Acclaimed author Tom Wayman’s account of his shift from urban to rural.
The recent pandemic accelerated an existing trend among urban Canadians to move to the country. Yet to quote from a 2022 Globe and Mail article, “People from cities don’t always realize what they’re getting into.”
For anyone setting out in that direction, or dreaming of doing so, Tom Wayman’s The Road to Appledore: Or How How I Went Back to the Land Without Ever Having Lived There in the First Place is rewarding reading. The book follows Wayman from Vancouver to southeastern BC’s Slocan Valley, deep in the Selkirk Mountains, and presents with his characteristic humour and philosophical insight his ensuing major shifts of perspective and knowledge.

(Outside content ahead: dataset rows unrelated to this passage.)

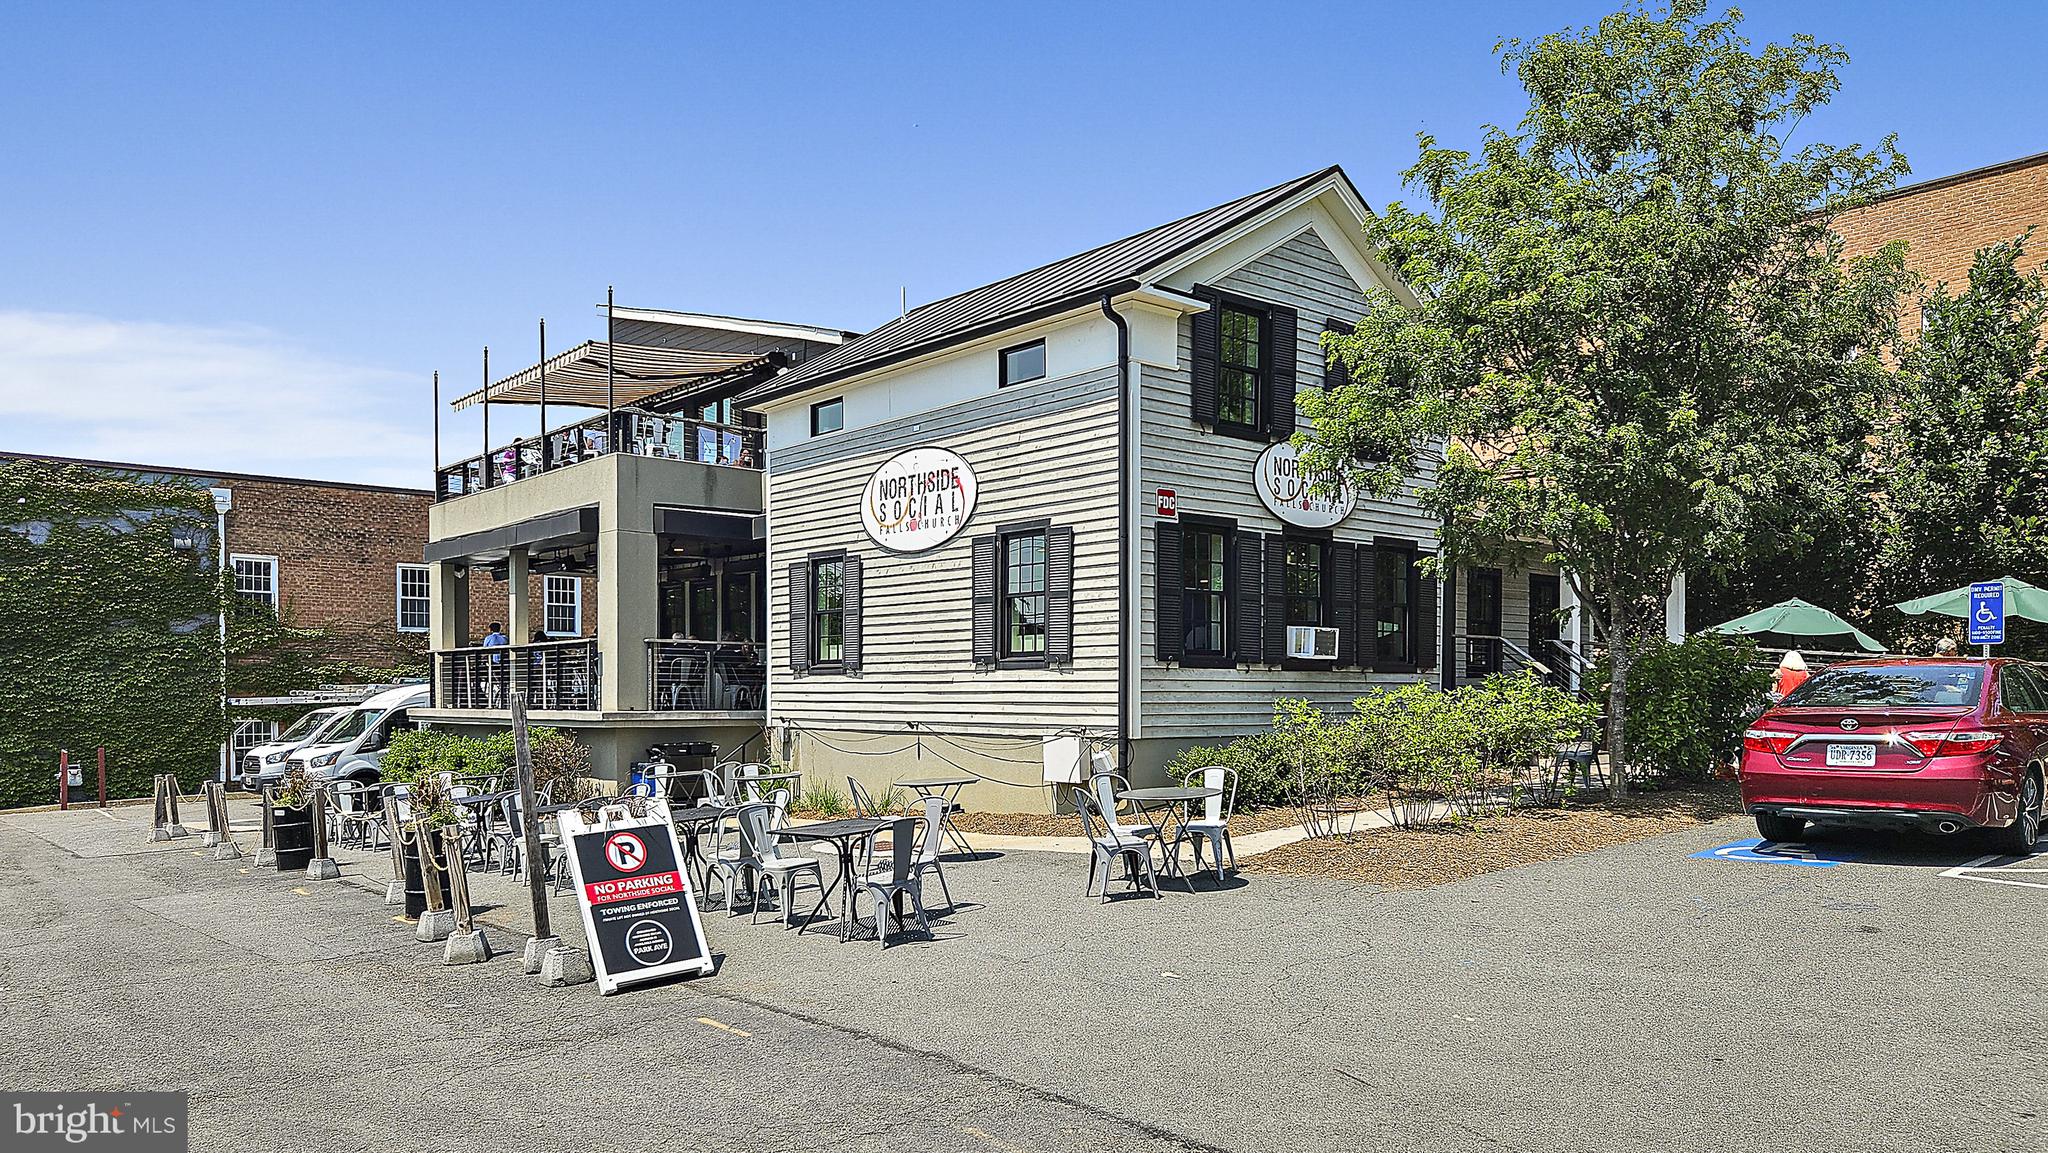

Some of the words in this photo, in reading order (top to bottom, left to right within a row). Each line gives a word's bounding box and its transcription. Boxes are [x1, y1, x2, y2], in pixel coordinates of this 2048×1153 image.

[880, 467, 959, 501] NORTHSIDE
[880, 491, 959, 522] SOCIAL
[1158, 495, 1175, 510] FDC
[1274, 500, 1302, 509] FALLS
[880, 521, 910, 535] FALLS
[917, 514, 960, 530] CHURCH
[594, 883, 616, 896] NO
[617, 874, 674, 892] PARKING
[597, 894, 612, 903] FOR
[612, 888, 651, 900] NORTHSIDE
[651, 885, 676, 895] SOCIAL
[600, 904, 637, 916] TOWING
[636, 897, 679, 911] ENFORCED
[633, 945, 654, 955] PARK
[653, 942, 668, 951] AVE

Mishaps, misadventures and moments of delight and wonder abound in Wayman’s prose reflections on his decades of living immersed in nature and the contemporary rural—from having to deal with a bear cub in his kitchen, to engaging in a vigilante action to protect a community water system, to the quiet satisfaction of growing his own food and flowers.
Wayman depicts the rural southwest of Canada in intimate detail, transporting readers alongside him.
“There is a broad sweep to Wayman that someone has not unjustly compared to Walt Whitman. He is vigorous, protean in fancy, and more self-critical than most poets of his highly productive kind. Facility is his temptation, but it has rarely led him away from true feeling.”